Downtown Senior Housing project is under study by City Council



At last night's meeting, the City Council studied ARCH's proposal for a Senior Housing project in Downtown Redmond. 

The subject site - just north of Wells Fargo - is approximately 0.81 acres, located at 8550 160th Avenue NE across from the entrance to the municipal Public Safety campus.  The property is essentially flat and narrow and was acquired with non-utility funds a number of years ago for the purpose of City Hall campus expansion.  According to the administration: "the site is an attractive location for senior housing due to its proximity to transit, Sammamish River trail, Bella Bottega shopping,  medical services, the library, and the Redmond Senior Center. The project concept is for 50 to 70 units of senior housing, with a unit mix of mostly one-bedroom units with some studio and two-bedroom dwellings. Assuming Council adoption of the Planning Commission's recommendation for amendments to the Downtown zoning, the height limit in this location will be five stories. No street-level retail is expected. One constraint of the site is that there is no sewer main adjacent to the site, and therefore a new sewer main will need to be constructed, most likely to the south side of NE 85th Street."
 
Councilmembers Allen, Stilin, Margeson and Flynn all felt the structure should be five stories to hold as many units as can be designed with good architectural standards.  Allen said she lives right next to the site in a 3-4 story building and saw no problem with five stories.  Stilin thought the seniors lucky enough to get a top unit would enjoy nice views of the valley.  He asked for "good materials" for construction since it was so close to the city campus.  Margeson didn't want a tower right next to the sidewalk but hoped the architects could step the building back from the sidewalk to five stories.  Staff and council expected demands for parking would be less. 
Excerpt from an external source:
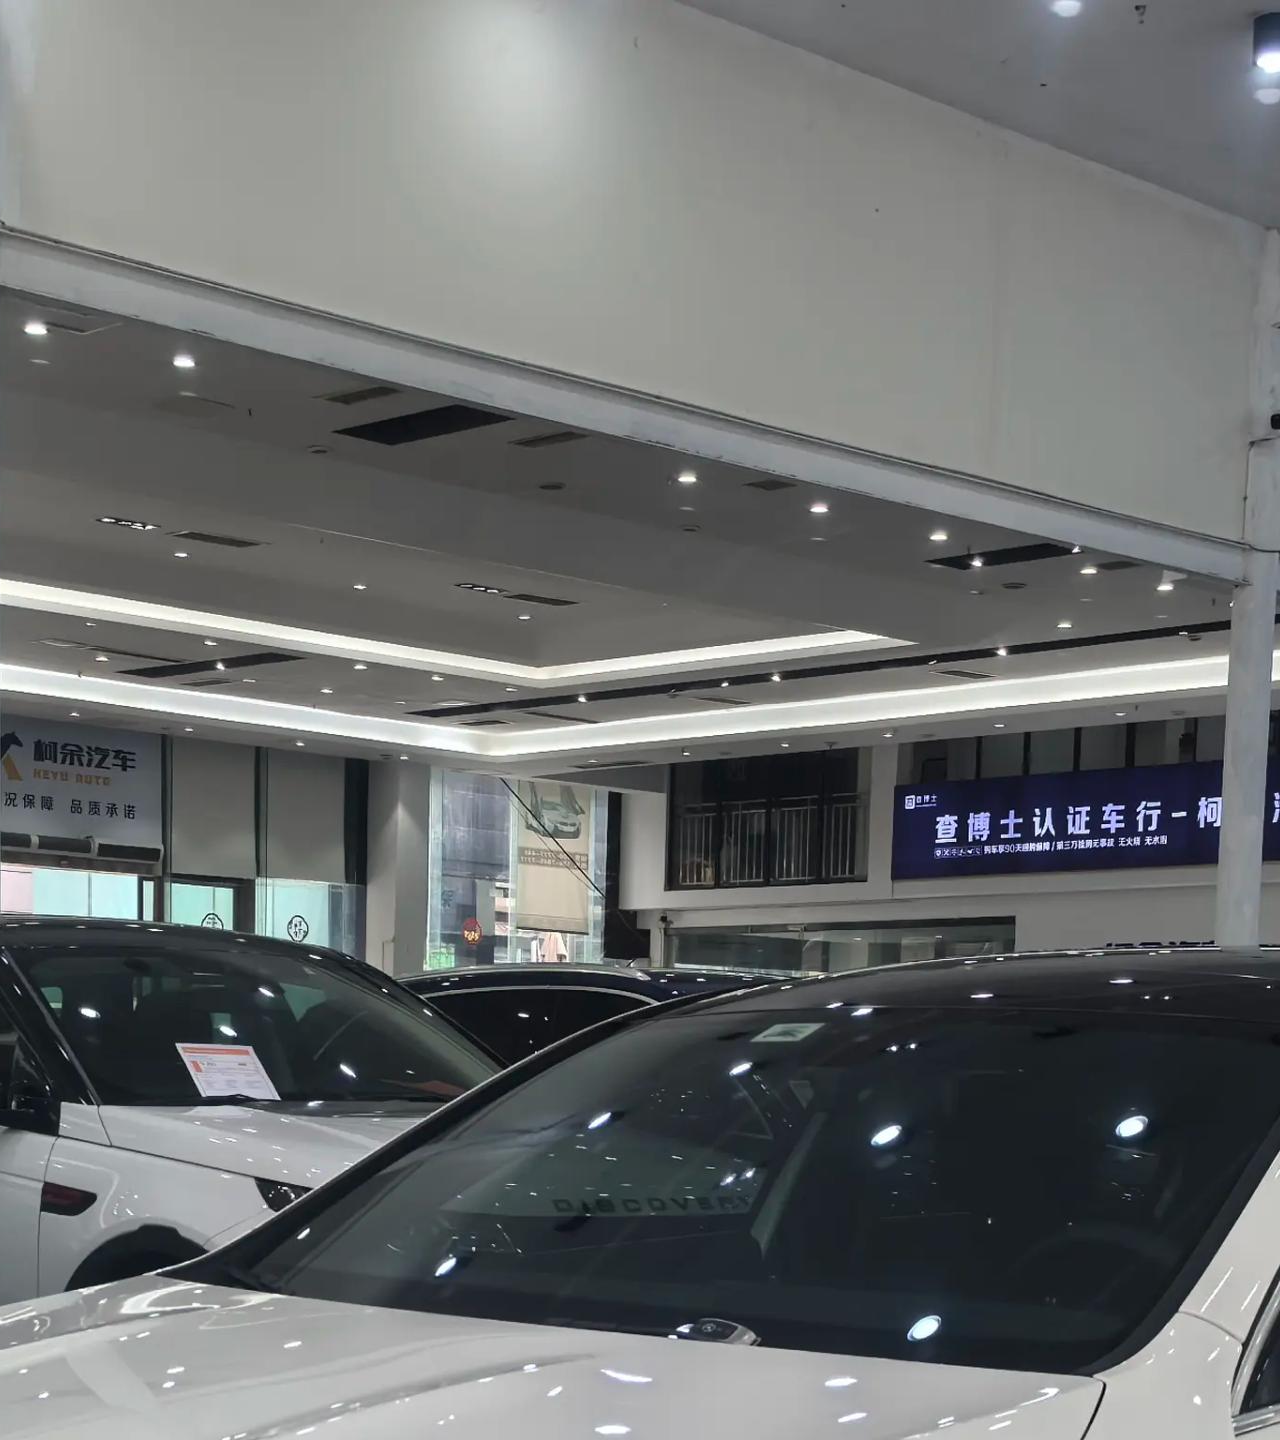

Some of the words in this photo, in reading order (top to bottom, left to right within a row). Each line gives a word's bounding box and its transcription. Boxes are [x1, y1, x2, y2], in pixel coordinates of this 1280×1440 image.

[33, 738, 137, 772] 柯余汽车
[70, 800, 136, 820] 品质承诺
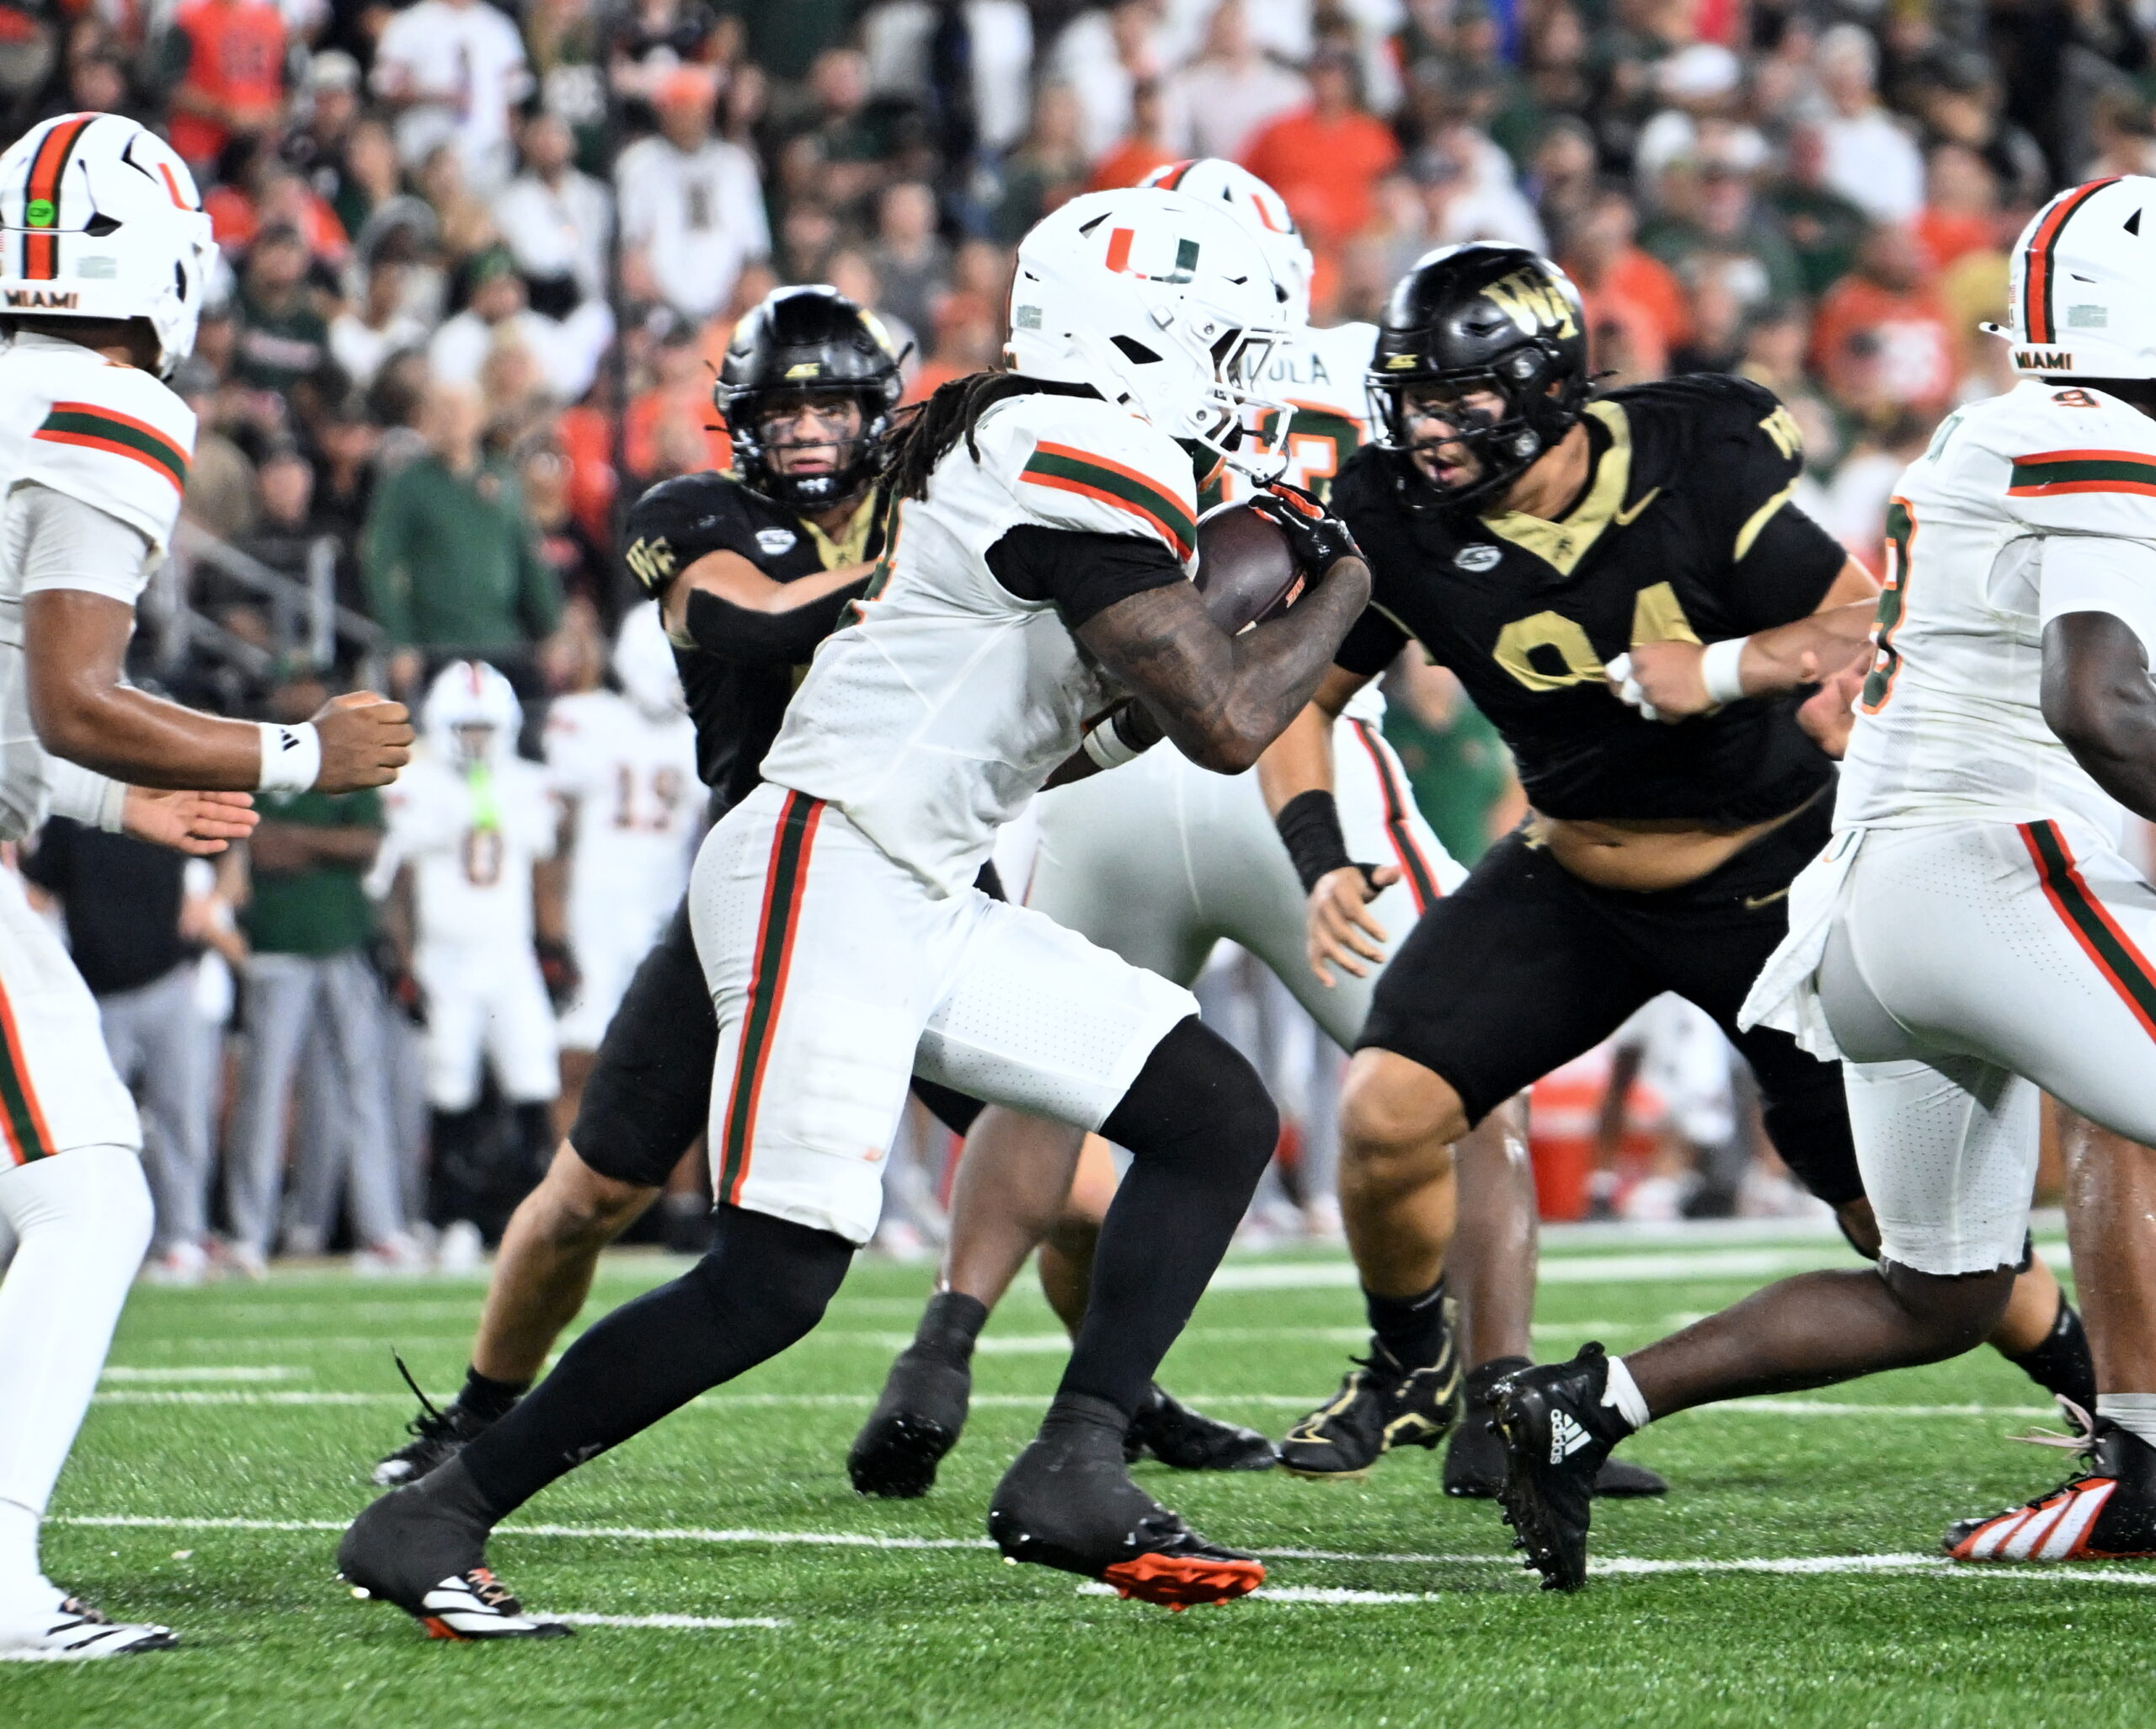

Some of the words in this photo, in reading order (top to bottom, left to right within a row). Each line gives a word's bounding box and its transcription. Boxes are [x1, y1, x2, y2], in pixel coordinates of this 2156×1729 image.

Rent on a one bedroom apartment would be $1100-1250 for someone with an income ranging from $45,000-$52,000.  Rent would be $425-925 for a one bedroom at incomes between $19,000-39,000.  Funding sources are public, private, tax credit and tax-exempt.  ARCH was targeting their proposal for state funding this Fall or next.  The city would lease their land at no cost for 70 years.   The city council took no action to approve the plan.